Professor Peter Newman, one of Australia's most eminent urban thinkers, said at a recent CityTalk that traffic congestion and rising petrol costs make creating more space in cities for pedestrians an economic necessity.
If the City of Sydney Council had its way, an integrated transport plan would properly mesh light and heavy rail with ferries and buses, and do much more for pedestrians and cyclists.
Improving transport, streets and the public realm is not simply about aesthetics or congeniality, nor is it driven solely by the economic costs of congestion or the health costs of respiratory diseases. Those matter, but above all, it is about creating a more sustainable future for our city, which helps our state, our nation, and, ultimately, our planet. The financial crisis has grabbed headlines from climate change, but the two are interlinked.
I would like to see part of the massive economic stimulus packages around the world directed to developing green infrastructure, laying the foundation for a restructuring of the economy to allow for a low-carbon future. Cities are critical to this shift. More than half the world's population lives and works in cities, which are the major source of greenhouse gas emissions. They are where we must make the biggest and most urgent changes.
In Sydney, we need to ease car and bus congestion by improving public transport. In the city centre in particular, we need to move workers and residents more quickly, cleanly and efficiently.
The State Government's plans for the Sydney metro provide an opportunity to move on some of the council's Sustainable Sydney 2030 vision projects. It gives us a prize chance to convert George Street to an open mall.

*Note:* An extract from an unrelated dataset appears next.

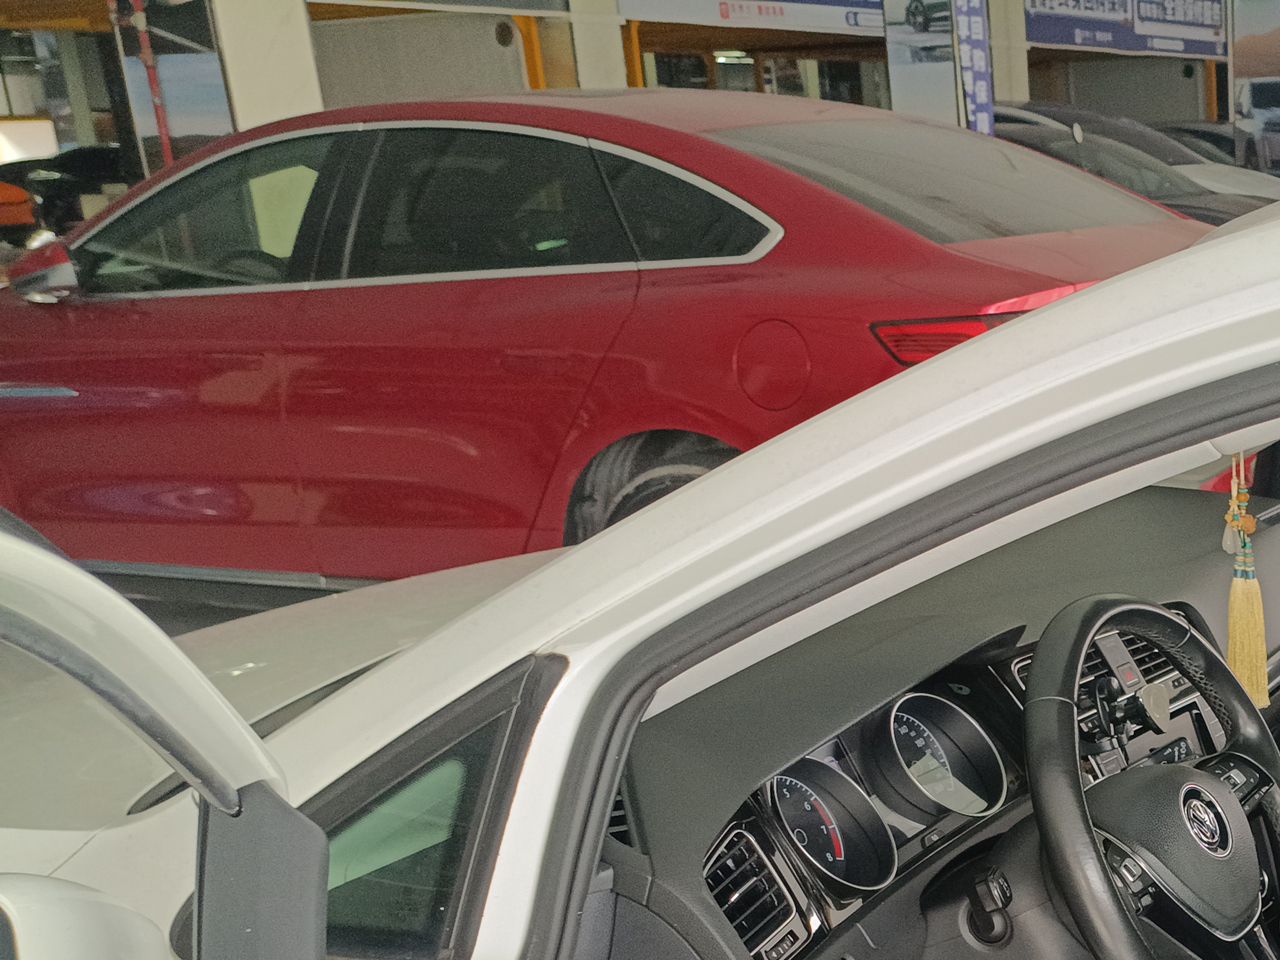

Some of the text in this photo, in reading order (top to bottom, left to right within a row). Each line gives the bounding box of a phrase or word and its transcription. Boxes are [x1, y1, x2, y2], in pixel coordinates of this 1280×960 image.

We have heard from the respected Danish planner, Jan Gehl, about how this bus-clogged artery could be transformed into a brilliant spine from Railway Square to Circular Quay, dedicated to pedestrians, cyclists and light rail. Cyclists are important. For short trips, cycleways provide people with an alternative to cars and public transport. Council research found 75 per cent of people who cycle irregularly would bike more often if there were more dedicated cycle routes. The City of Sydney is spending $70 million over the next four years on cycleways and, with surrounding councils, has identified a potential network of 245 kilometres of bike lanes.

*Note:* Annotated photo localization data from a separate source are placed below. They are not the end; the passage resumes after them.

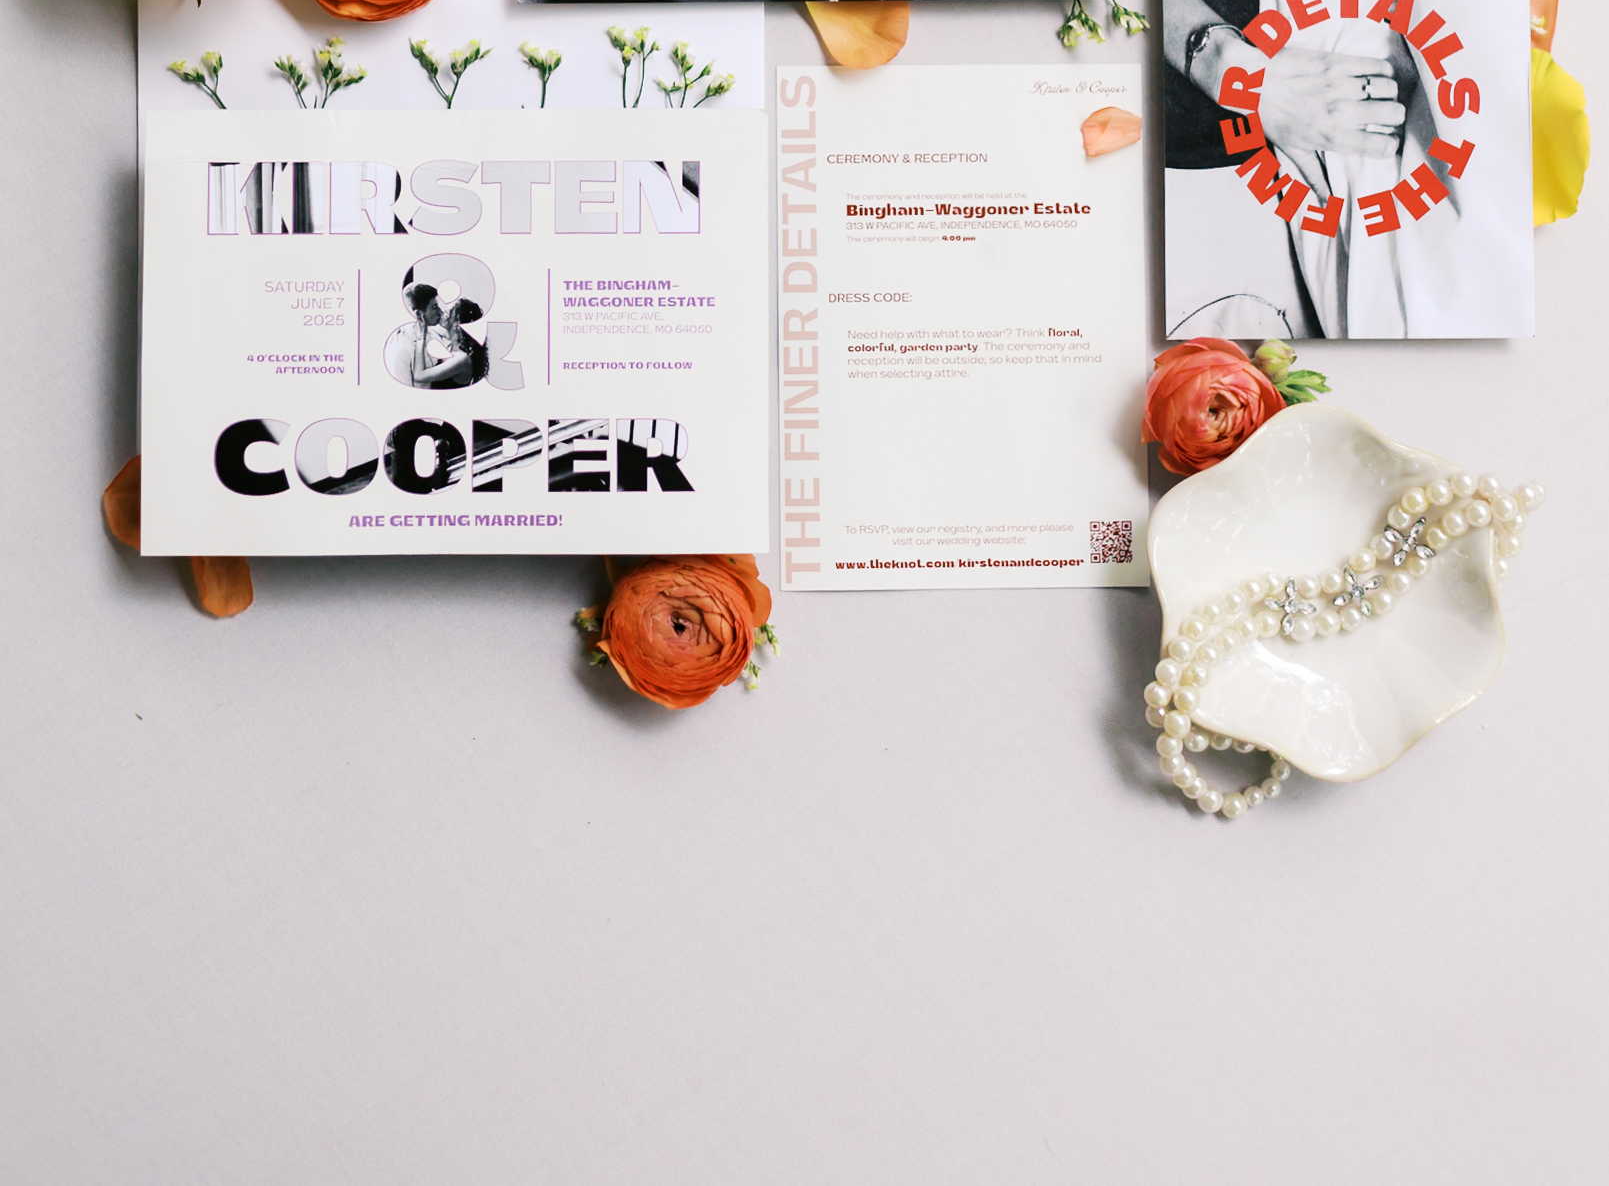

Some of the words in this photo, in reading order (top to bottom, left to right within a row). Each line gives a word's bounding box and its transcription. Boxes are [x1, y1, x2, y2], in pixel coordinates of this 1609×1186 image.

[1029, 81, 1071, 95] Kirsten
[1075, 81, 1087, 94] &
[1089, 80, 1127, 97] Cooper
[1217, 66, 1344, 238] FINER
[827, 154, 899, 164] CEREMONY
[902, 154, 911, 163] &
[914, 153, 988, 163] RECEPTION
[780, 75, 818, 293] DETAILS
[1357, 136, 1475, 237] THE
[206, 159, 700, 235] KIRSTEN
[921, 192, 960, 201] reception
[962, 192, 973, 200] will
[1014, 191, 1027, 199] the
[1034, 202, 1091, 214] Estate
[846, 222, 863, 230] 313
[865, 222, 874, 230] W
[876, 221, 915, 230] PACIFIC
[917, 221, 939, 230] AVE,
[940, 220, 1022, 230] INDEPENDENCE,
[1025, 220, 1041, 229] MO
[1043, 220, 1077, 229] 64050
[863, 236, 903, 244] ceremony
[918, 235, 939, 243] begin
[265, 281, 345, 292] SATURDAY
[563, 281, 593, 290] THE
[291, 298, 332, 309] JUNE
[336, 298, 345, 309] 7
[563, 297, 654, 307] WAGGONER
[658, 297, 715, 307] ESTATE
[829, 293, 870, 303] DRESS
[873, 293, 912, 302] CODE:
[303, 315, 345, 326] 2025
[383, 253, 525, 391] &
[563, 312, 582, 321] 313
[585, 312, 594, 321] W
[596, 312, 638, 321] PACIFIC
[640, 312, 664, 322] AVE,
[563, 325, 652, 335] INDEPENDENCE,
[655, 325, 673, 334] MO
[675, 325, 713, 334] 64050
[848, 331, 878, 339] Need
[880, 330, 904, 341] help
[906, 330, 929, 339] with
[932, 330, 959, 339] what
[962, 330, 974, 338] to
[977, 328, 1012, 338] wear?
[1016, 328, 1045, 338] Think
[1048, 327, 1083, 338] floral,
[848, 343, 897, 353] colorful,
[900, 343, 943, 354] garden
[984, 341, 1005, 351] The
[1006, 343, 1066, 353] ceremony
[1068, 341, 1090, 351] and
[257, 354, 306, 363] O'CLOCK
[848, 356, 904, 366] reception
[906, 356, 922, 365] will
[925, 356, 939, 365] be
[941, 355, 987, 365] outside,
[1005, 355, 1033, 365] keep
[1036, 354, 1059, 364] that
[1061, 354, 1071, 363] in
[1073, 354, 1102, 363] mind
[276, 366, 344, 374] AFTERNOON
[848, 369, 878, 379] when
[880, 369, 932, 380] selecting
[934, 369, 969, 378] attire.
[783, 307, 820, 461] FINER
[214, 418, 695, 496] COOPER
[349, 515, 385, 527] ARE
[389, 515, 470, 527] GETTING
[475, 514, 562, 527] MARRIED!
[784, 477, 821, 583] THE
[845, 526, 857, 534] To
[859, 525, 890, 534] RSVP,
[892, 525, 914, 533] view
[938, 524, 983, 535] registry,
[985, 524, 1005, 532] and
[1039, 523, 1074, 533] please
[892, 537, 913, 545] visit
[936, 536, 981, 546] wedding
[983, 536, 1026, 544] website:

Many major cities including New York, Amsterdam, Melbourne, and London are building cycleways, but most Sydney councils do not have the money to do it properly.
For longer trips, Sydney's bus and rail networks may have efficiently moved commuters to the CBD in the past, but they have not kept up. If Sydney is to become more productive and sustainable, the city centre must be easily negotiable. That means better open spaces for pedestrians and an integrated public transport system.

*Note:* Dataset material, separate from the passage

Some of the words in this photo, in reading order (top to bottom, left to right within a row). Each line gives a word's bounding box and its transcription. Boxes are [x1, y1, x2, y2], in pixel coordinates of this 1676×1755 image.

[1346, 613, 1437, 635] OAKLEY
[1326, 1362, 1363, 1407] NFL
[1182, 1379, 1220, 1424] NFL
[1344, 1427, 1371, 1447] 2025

Sydney needs an integrated light-rail system. At least 50 reports tell us this is the case, and we know a light-rail loop around the CBD is feasible. Once approved, it could be running within 18 months. It would halve peak-hour travelling time between Central Station and Circular Quay, from an average 30 minutes by bus to 14 minutes by light rail. It would relieve the chronic crowding at Town Hall Station and on buses, and would bridge the missing link between the existing line from Lilyfield.
Light rail should be integral to the development of Green Square, the largest urban redevelopment in Australia, where bus services are already overcrowded. Providing new housing without adequate public transport is not a mistake we should repeat in the 21st century.
From a sustainability perspective, it makes more sense to open up new inner-city renewal areas, rather than expand car-dependent outer suburbs without public transport. New inner-city residents still need efficient public transport, and a light-rail loop to Green Square would be cheaper than extending heavy rail or metro lines to outer suburbs - although Sydney needs both, to plan responsibly for future needs.
The council has committed $13.5 million to assist with the infrastructure needed to expand light rail, but it has neither the money nor the power to do it alone. The majority of funding needs to come from the state or federal governments, or more probably, both, and the council has made a submission to the Federal Government to extend the existing light rail through the inner city and to Green Square.
It's not a matter of the city versus the suburbs; the suburbs also desperately need and deserve better public transport. But improving inner-Sydney transport should be a national priority, as without it, we will limit the productivity, sustainability, and liveability of Australia's most significant economic asset, our city.